Corruption in FIFA is no surprise, but legal action now taken against it is

That there is corruption at the top ranks of FIFA, world soccer's governing body, is about as shocking as Capt. Louis Renault's discovery of gambling at Rick's cafe in “Casablanca.” That the legal authorities of the world are finally doing something about it is more surprising, and welcome.

In New York on Wednesday, nine international soccer executives and five sports marketing and broadcasting figures were indicted after a federal corruption investigation by the U.S. Department of Justice. The department described an alleged 25-year, $150-million racketeering and bribery scheme involving the staging and broadcasting professional soccer games and tournaments, including the 2010 World Cup in South Africa. Four other men and two sports-marketing businesses already have pleaded guilty and presumably are cooperating with investigators.

In a separate development, Swiss officials announced they are investigating suspected bribery in FIFA's decision five years ago to award the 2018 World Cup tournament to Russia and the 2022 tournament to Qatar.

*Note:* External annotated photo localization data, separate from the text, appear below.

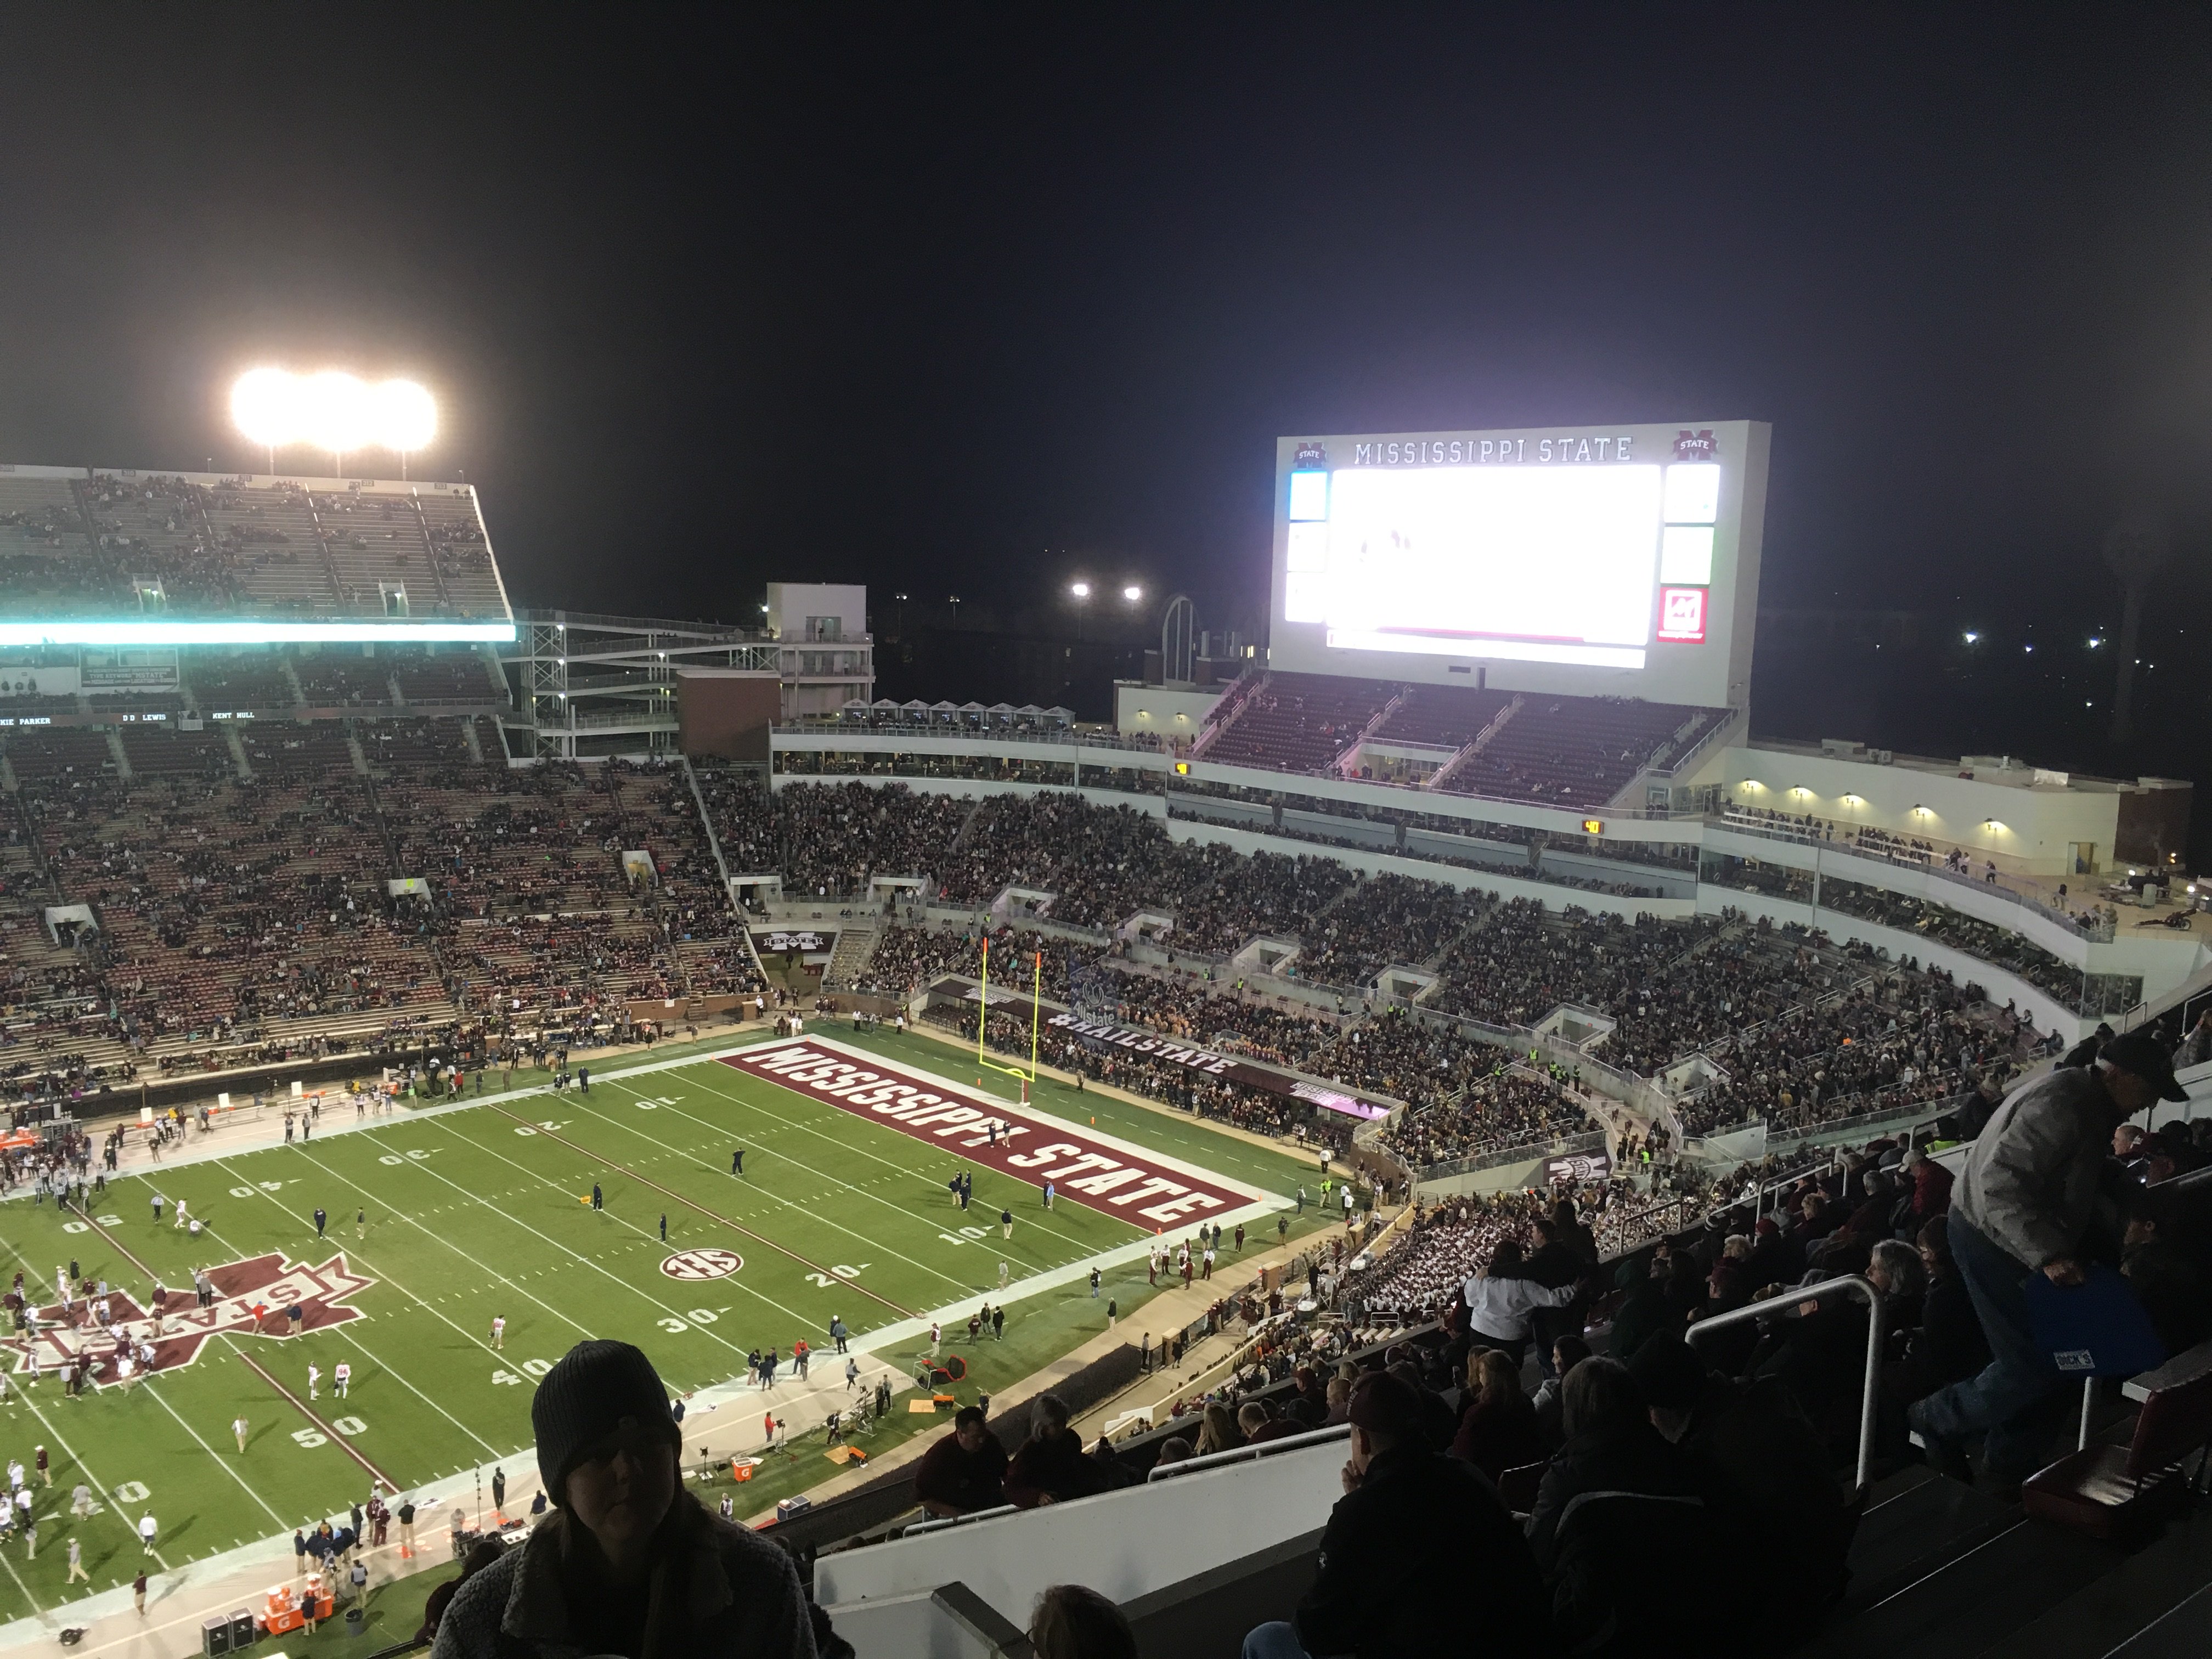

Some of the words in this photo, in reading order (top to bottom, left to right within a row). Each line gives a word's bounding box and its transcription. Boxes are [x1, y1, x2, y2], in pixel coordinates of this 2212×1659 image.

[1299, 450, 1319, 459] STATE
[1354, 439, 1526, 465] MISSISSIPPI
[1539, 437, 1633, 462] STATE
[1680, 439, 1709, 450] STATE
[1585, 821, 1599, 833] 40
[1072, 1001, 1115, 1027] Allstate
[1047, 1013, 1238, 1074] #HAILSTATE
[1291, 1082, 1357, 1104] MISSISSIPPI
[742, 1046, 1031, 1147] MISSISSIPPI
[1007, 1143, 1226, 1223] STATE
[938, 1227, 987, 1245] 10
[666, 1251, 738, 1278] SEC
[805, 1264, 861, 1288] 20
[657, 1309, 719, 1333] 30
[2056, 1353, 2092, 1366] DICKS
[492, 1358, 554, 1386] 40
[290, 1417, 368, 1448] 50
[741, 1468, 750, 1477] G
[278, 1615, 290, 1629] G

That investigation, which included seizing papers and electronic files from FIFA's Zurich headquarters on Wednesday, follows news exposes of corruption in the World Cup bidding process.

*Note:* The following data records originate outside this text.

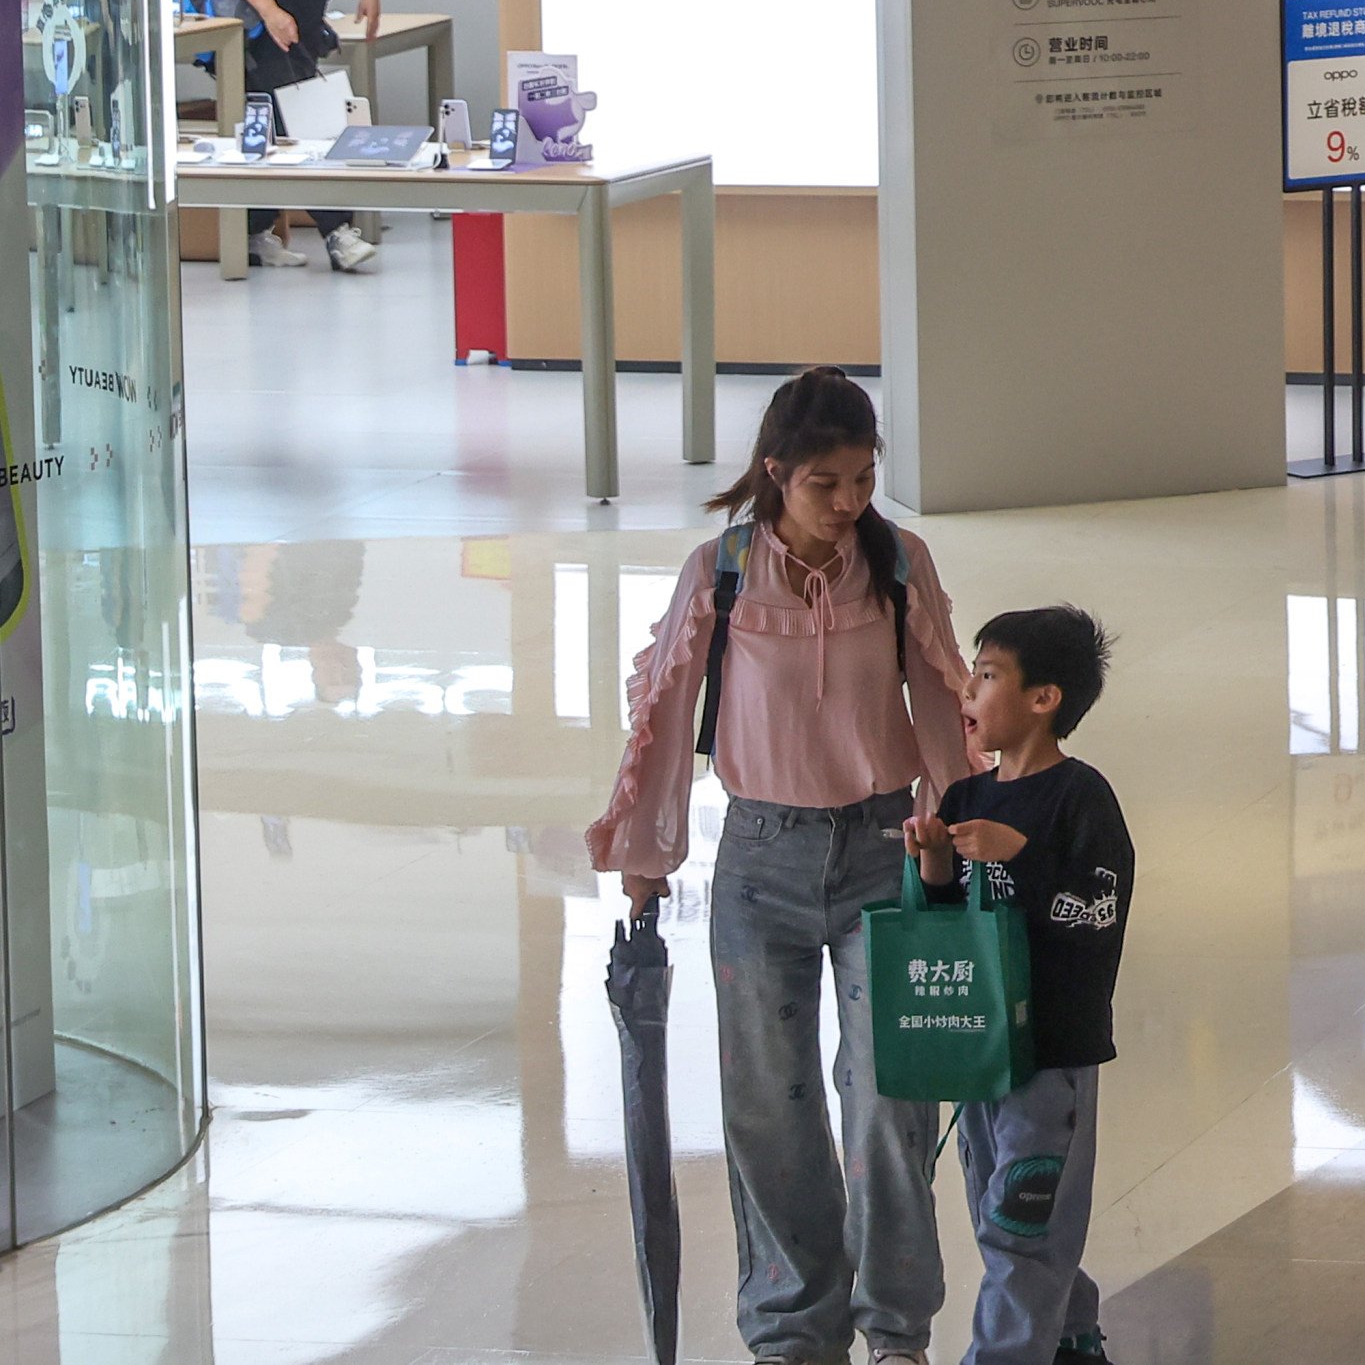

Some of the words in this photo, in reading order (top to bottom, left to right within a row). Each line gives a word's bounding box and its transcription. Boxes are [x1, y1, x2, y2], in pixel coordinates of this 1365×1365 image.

[1302, 11, 1319, 20] TAX
[1320, 8, 1352, 18] REFUND
[1049, 36, 1109, 53] 营业时间
[1324, 69, 1358, 81] oppo
[908, 959, 975, 983] 费大厨
[899, 1014, 986, 1028] 全国小炒肉大王

The individual officials should, of course, be considered innocent until proven guilty, but it has been clear for years to followers of the world's most popular sport that its governing body is riddled with corruption. Under public pressure in 2012, FIFA ordered an internal inquiry, but then last year released only a thin summary of its 430-page report and claimed innocence. In protest, Michael J. Garcia, a former U.S. attorney from New York who led the internal investigation, resigned over what he claimed was FIFA's whitewashing of “serious and wide-ranging issues” involving the 2018 and 2022 World Cup site-selection process. Garcia's report remains under wraps per FIFA bylaws.

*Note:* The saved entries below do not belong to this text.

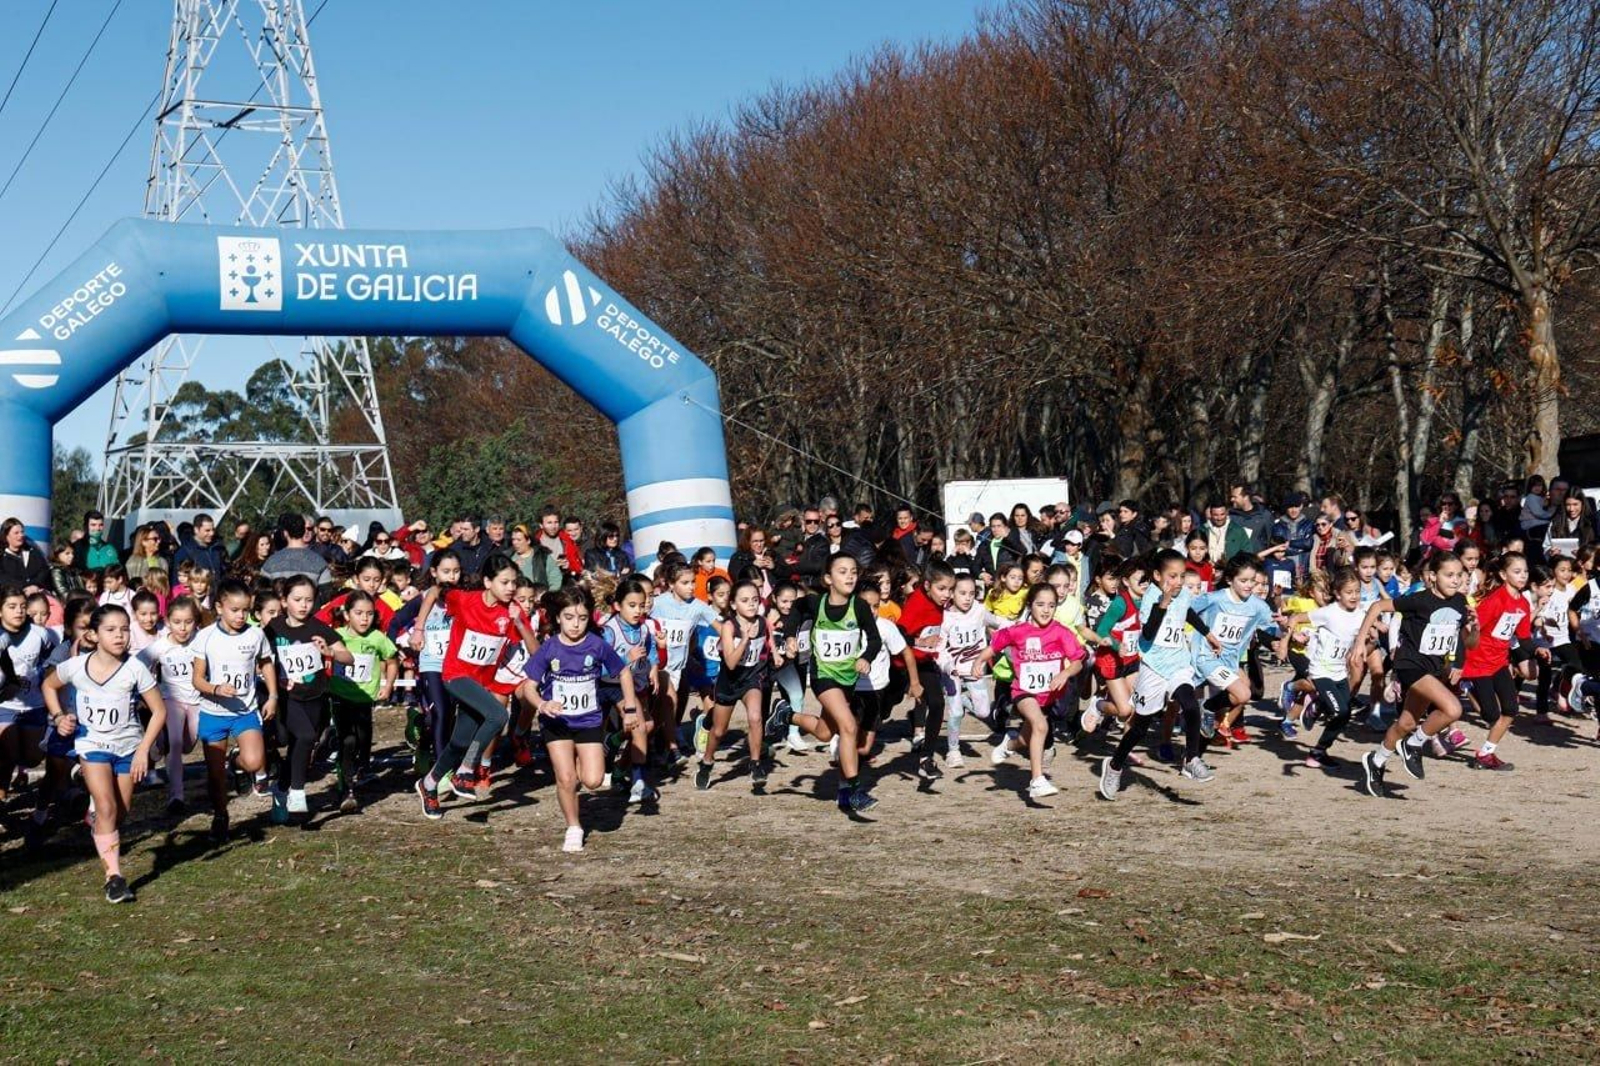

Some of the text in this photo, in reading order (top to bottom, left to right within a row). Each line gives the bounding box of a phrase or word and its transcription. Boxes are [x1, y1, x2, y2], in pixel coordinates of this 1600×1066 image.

[294, 243, 408, 268] XUNTA
[39, 262, 122, 329] DEPORTE
[297, 272, 477, 302] DE GALICIA
[54, 282, 126, 340] GALEGO
[597, 315, 664, 368] GALEGO
[605, 303, 680, 364] DEPORTE
[1219, 624, 1244, 640] 266
[467, 644, 496, 661] 307
[823, 641, 851, 657] 250
[286, 654, 315, 674] 292
[223, 672, 251, 690] 268
[559, 694, 589, 710] 290
[85, 706, 120, 725] 270

U.S. Atty. Gen. Loretta Lynch said the federal investigation is continuing, and more charges against more officials seem likely — the indictment describes 25 unindicted and unnamed co-conspirators. The Justice Department should pursue the investigation as far as the evidence leads in order to root out the corruption and catalyze a cultural change within FIFA.

And that change should start at the top. FIFA President Joseph “Sepp” Blatter, under whose watch this corruption has flourished, is seeking a fifth four-year term as FIFA's president in a vote Friday in Zurich. FIFA's 209 member nations could begin restoring credibility by ousting him in favor of reform-minded challenger Prince Ali Bin Al-Hussein of Jordan, and by changing the organization's rules so that the world can learn the details of Garcia's investigation.